Mon guide ouvrit alors une porte totalement invisible et m’invita à courber la tête pour pénétrer dans une petite pièce en forme d’œuf, dans laquelle nous tenions à peine côte à côte.
La lumière montait du plancher et éclairait une unique vitrine qui couvrait les murs et se nouait au plafond, à la pointe de l’œuf. Une croix de vie égyptienne, encore appelée ankh, y pendait.
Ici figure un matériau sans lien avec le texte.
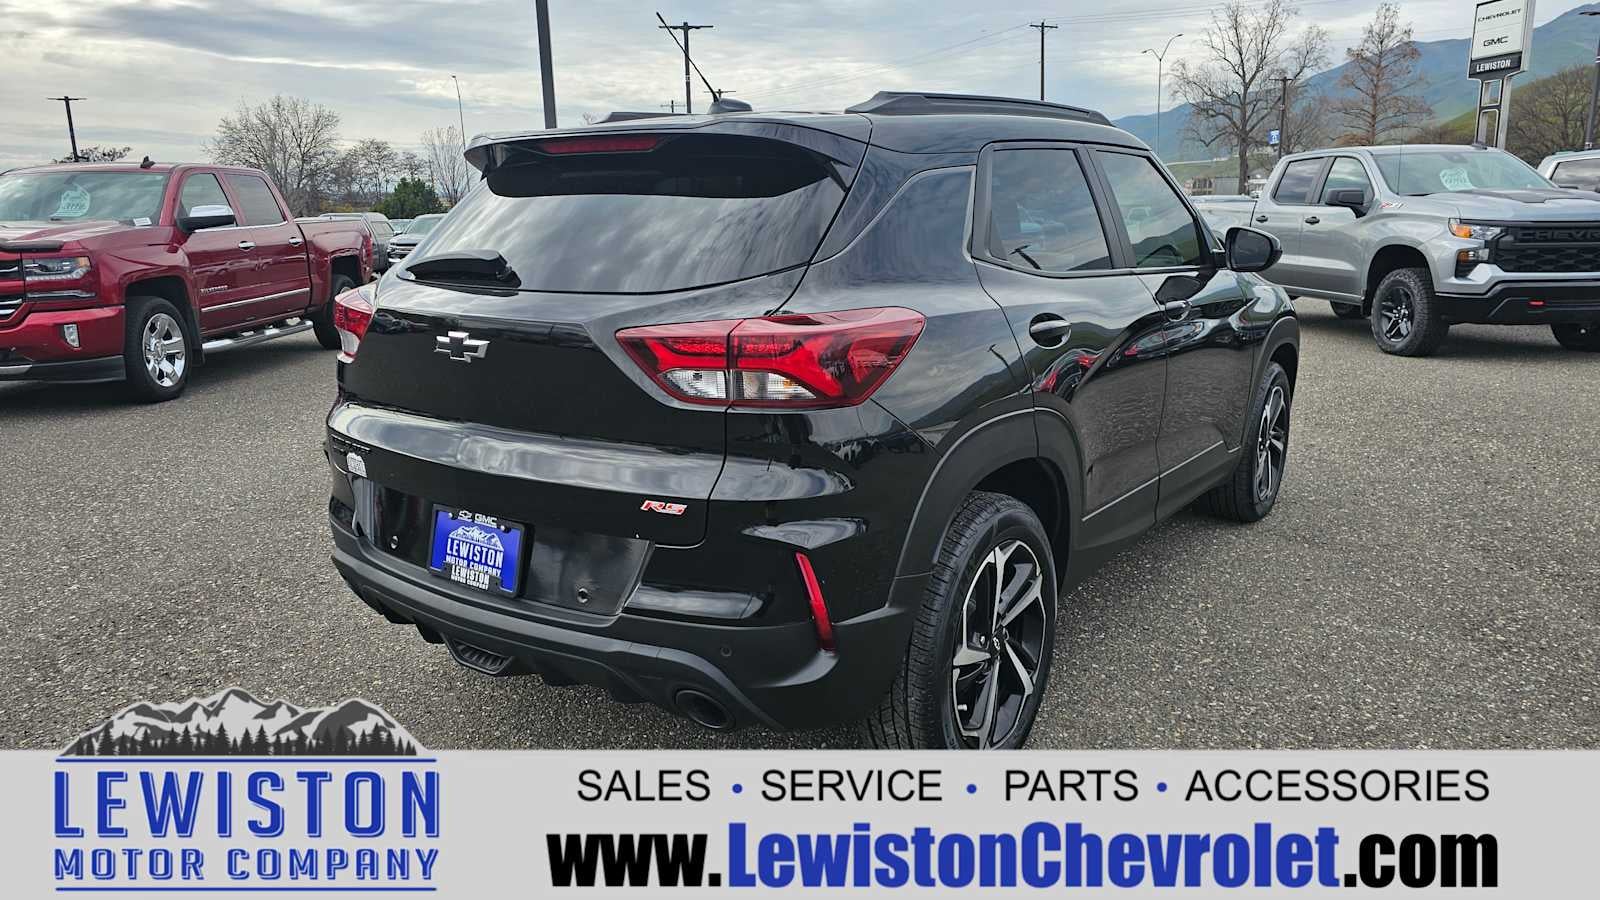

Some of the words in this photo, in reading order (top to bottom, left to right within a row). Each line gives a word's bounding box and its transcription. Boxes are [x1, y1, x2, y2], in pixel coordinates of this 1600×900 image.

[1477, 8, 1521, 22] CHEVROLET
[1483, 36, 1509, 47] GMC
[1476, 59, 1512, 73] LEWISTON
[640, 500, 688, 516] RS
[474, 513, 498, 525] GMC
[446, 538, 504, 569] LEWISTON
[445, 555, 468, 567] MOTOR
[469, 561, 502, 577] COMPANY
[450, 574, 467, 584] MOTOR
[466, 579, 489, 590] COMPANY
[451, 564, 490, 585] LEWISTON
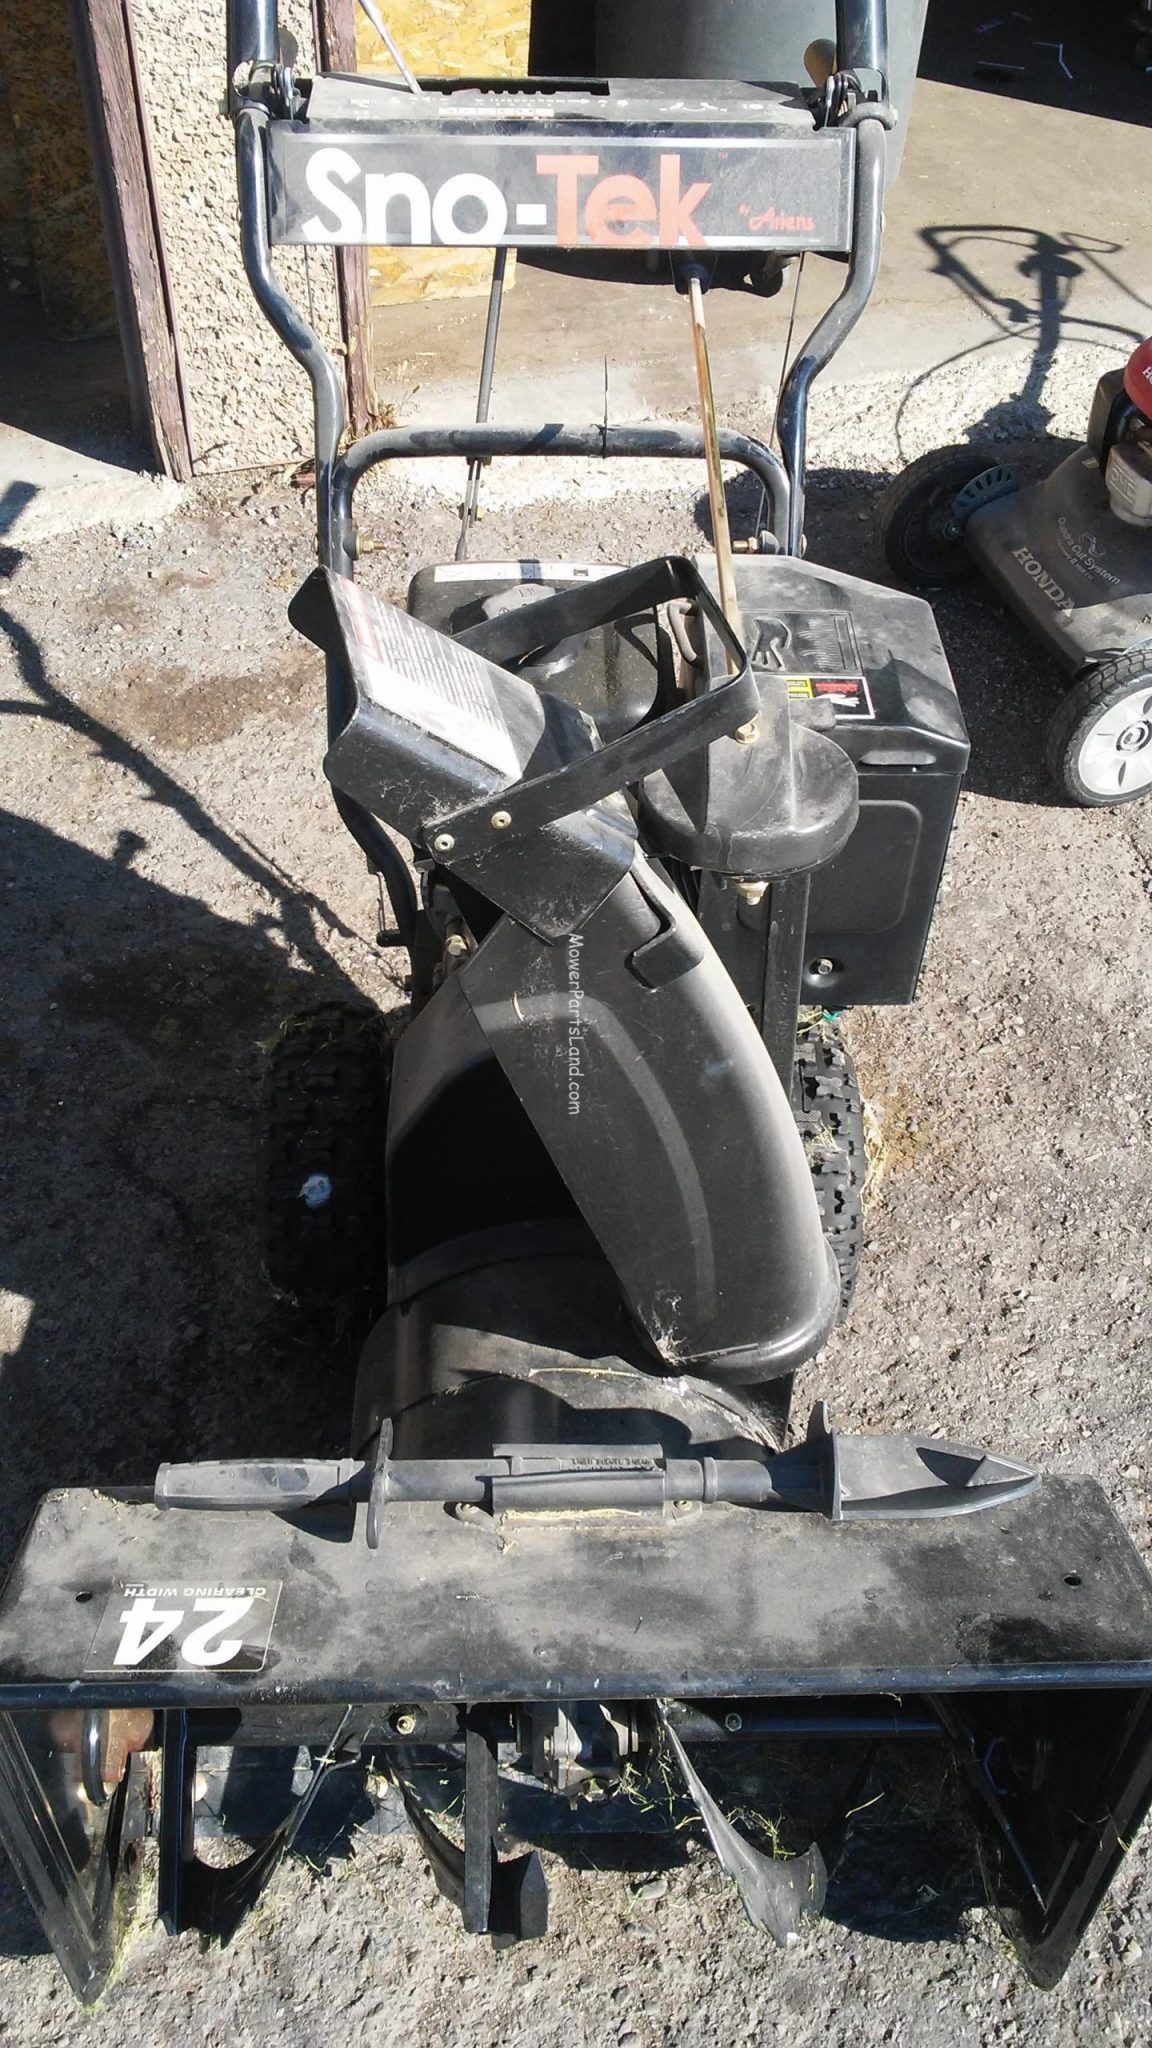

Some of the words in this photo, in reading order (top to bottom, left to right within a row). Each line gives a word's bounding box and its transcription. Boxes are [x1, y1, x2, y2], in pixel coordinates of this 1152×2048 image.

[301, 147, 712, 247] Sno-Tek
[748, 206, 816, 232] Ariens
[1012, 546, 1075, 618] HONDA
[1084, 557, 1121, 585] System
[124, 1587, 177, 1597] WIDTH
[183, 1587, 267, 1597] CLEARING
[113, 1598, 255, 1666] 24
Dans la vitrine, de vieux grimoires, au cuir mordoré comme des élytres de cétoine, voisinaient avec des coussins de dentelle, des masques africains, des photos de gauchos en poncho et la statuette d’un penseur taillée dans la pierre-ponce.
Subitement, toute lumière disparut.

Après quelques secondes, je me retrouvais seul, sous la pluie, sur le pas de ma porte.